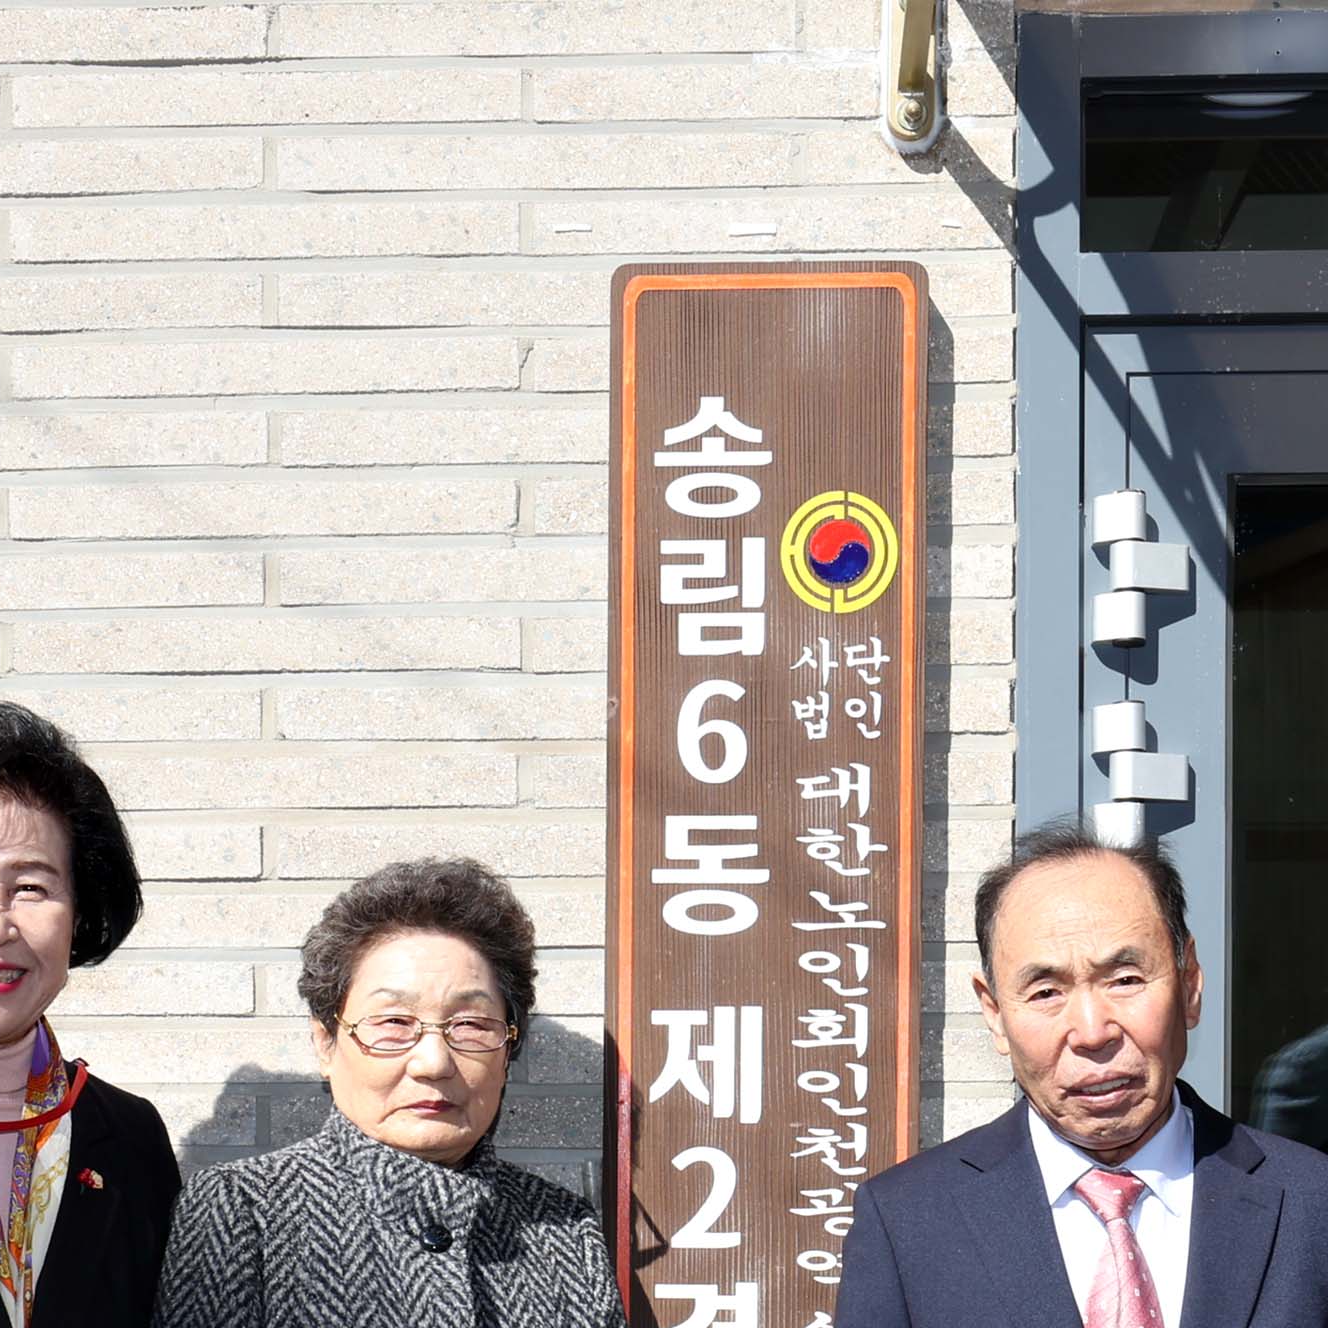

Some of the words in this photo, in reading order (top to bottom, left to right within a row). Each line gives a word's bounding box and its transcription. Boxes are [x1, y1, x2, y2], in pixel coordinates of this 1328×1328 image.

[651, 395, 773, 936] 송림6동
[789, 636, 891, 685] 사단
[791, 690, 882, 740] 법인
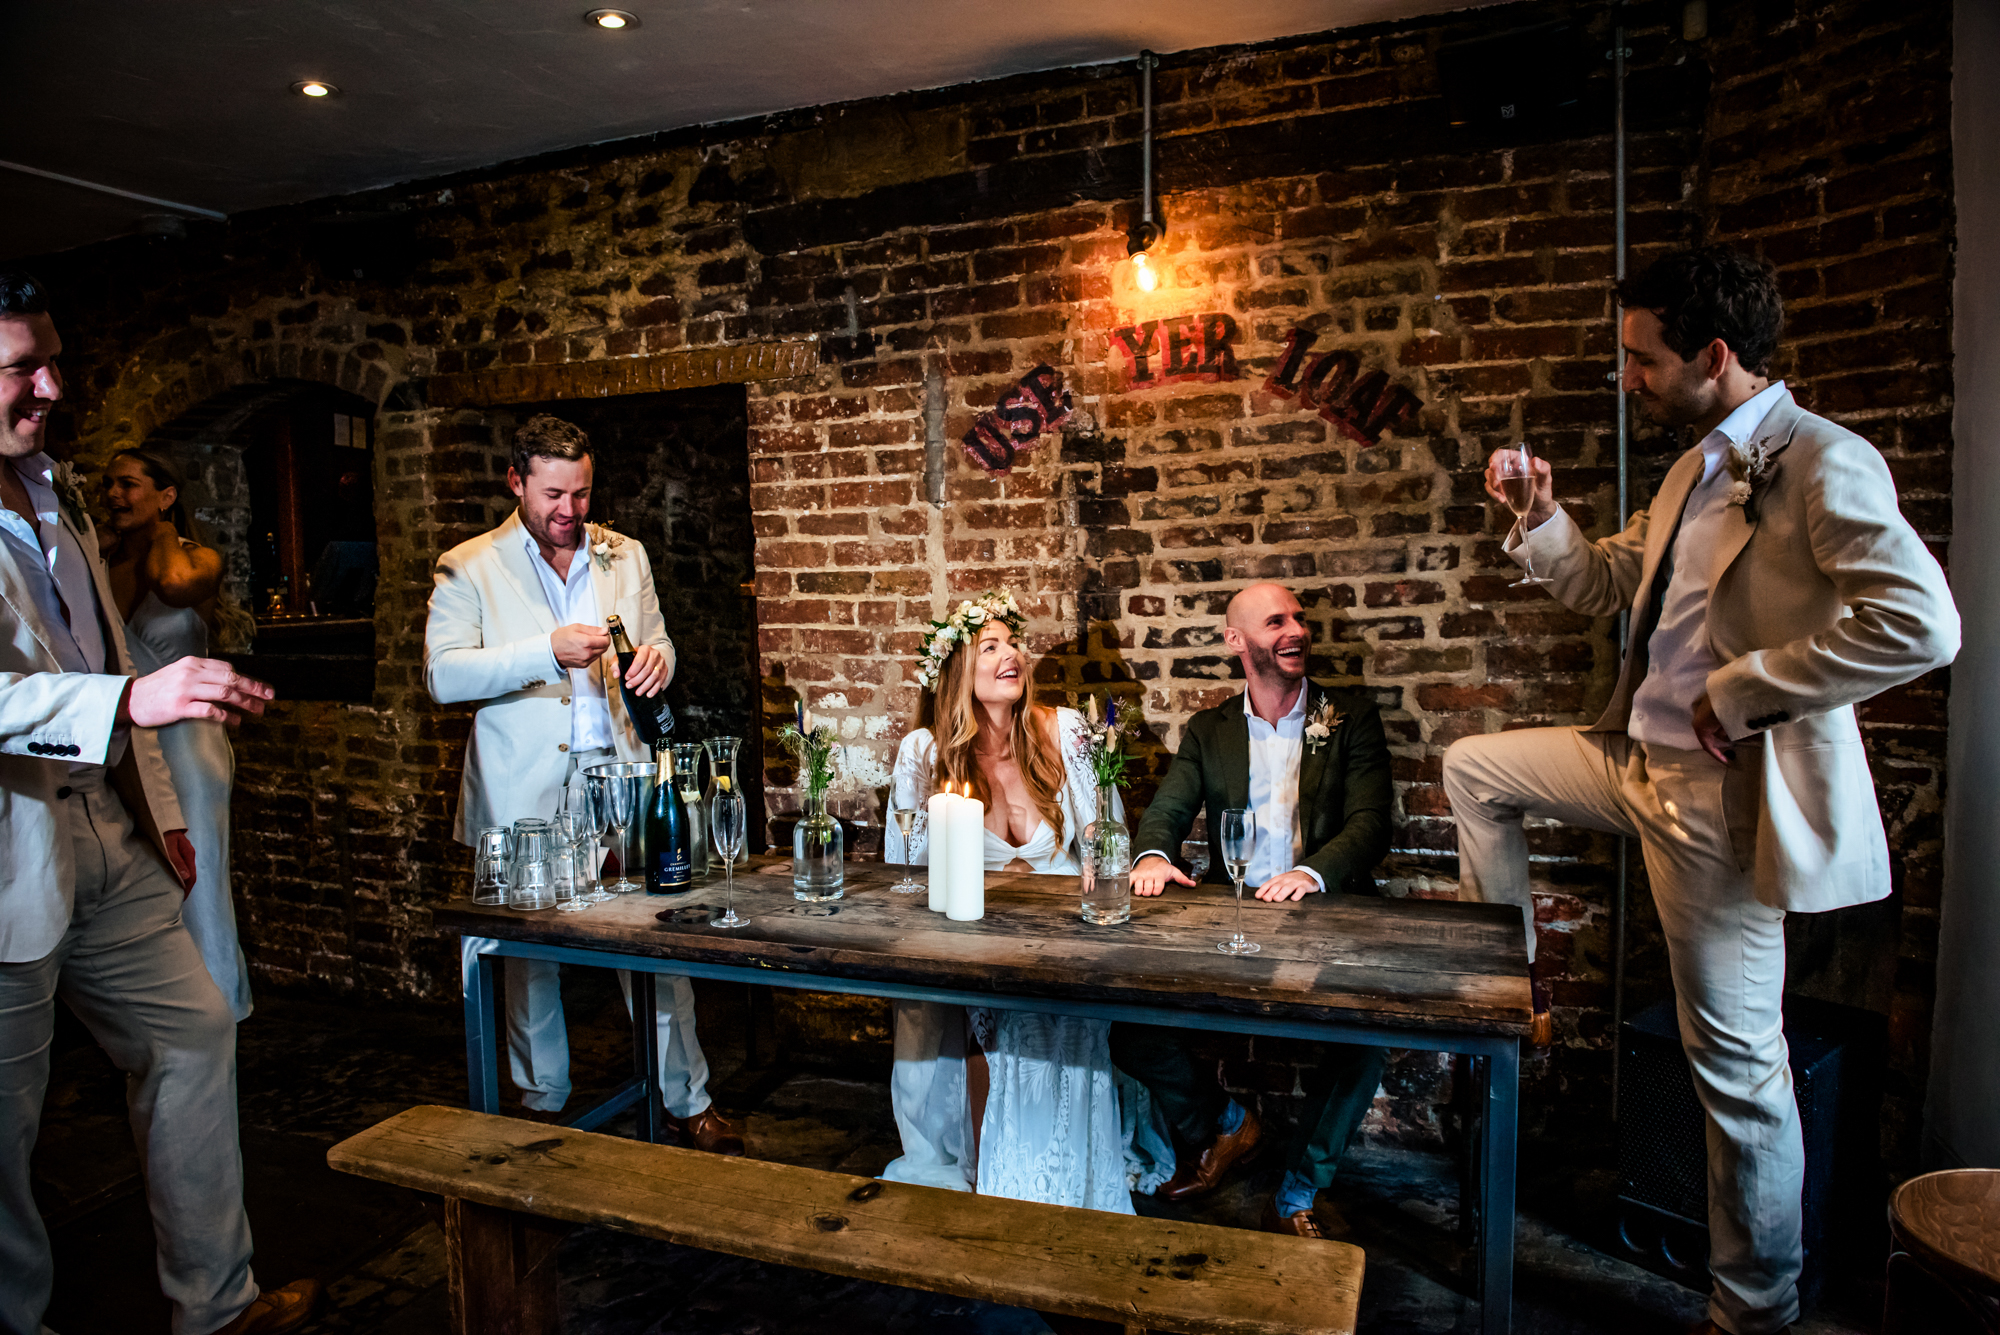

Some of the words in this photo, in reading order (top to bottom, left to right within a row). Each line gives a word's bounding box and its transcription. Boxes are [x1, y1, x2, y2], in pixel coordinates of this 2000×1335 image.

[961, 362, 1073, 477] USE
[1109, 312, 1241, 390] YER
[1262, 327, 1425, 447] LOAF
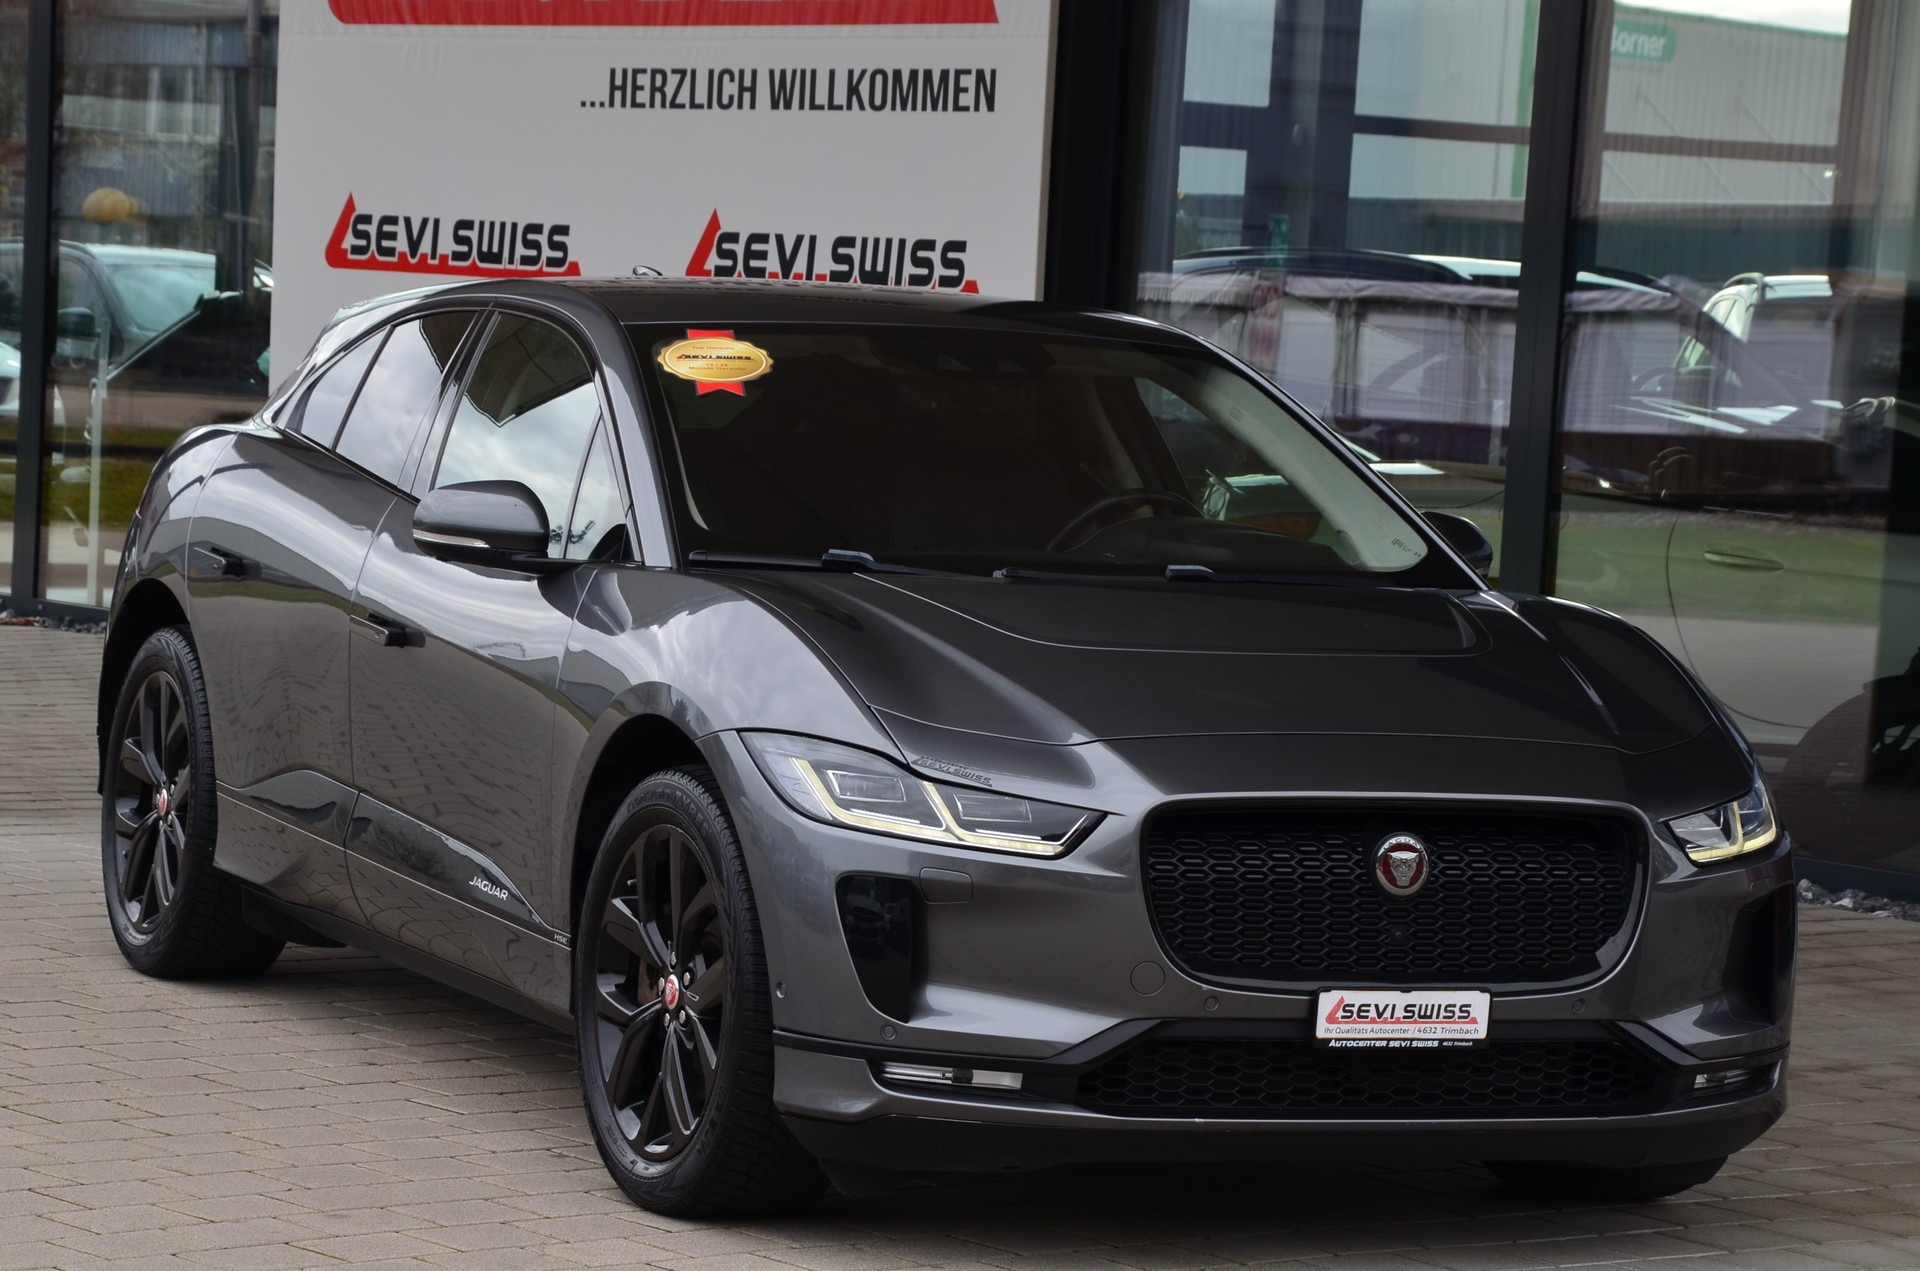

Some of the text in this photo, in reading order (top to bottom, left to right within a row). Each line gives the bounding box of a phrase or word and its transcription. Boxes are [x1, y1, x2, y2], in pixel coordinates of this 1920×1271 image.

- _What you have to do_
Above are the records; repeat them all exactly, without the pictures.

- _Exercise response_
Some of the words in this photo, in reading order (top to bottom, left to right within a row). Each line gives a word's bounding box and its transcription. Boxes are [x1, y1, x2, y2], in pixel coordinates of this 1328×1328 image.

[651, 395, 773, 936] 송림6동
[789, 636, 891, 685] 사단
[791, 690, 882, 740] 법인

Some of the words in this photo, in reading order (top to bottom, left to right within a row). Each line gives a word's bounding box and its transcription. Boxes are [x1, y1, x2, y2], in pixel coordinates of this 2000×1335 image.

[961, 362, 1073, 477] USE
[1109, 312, 1241, 390] YER
[1262, 327, 1425, 447] LOAF

Some of the text in this photo, in reading order (top to bottom, left to right within a row). Each line gives the bounding box of a phrase or word and its transcription. Boxes are [x1, y1, x2, y2], in pixel coordinates of this 1920×1271 image.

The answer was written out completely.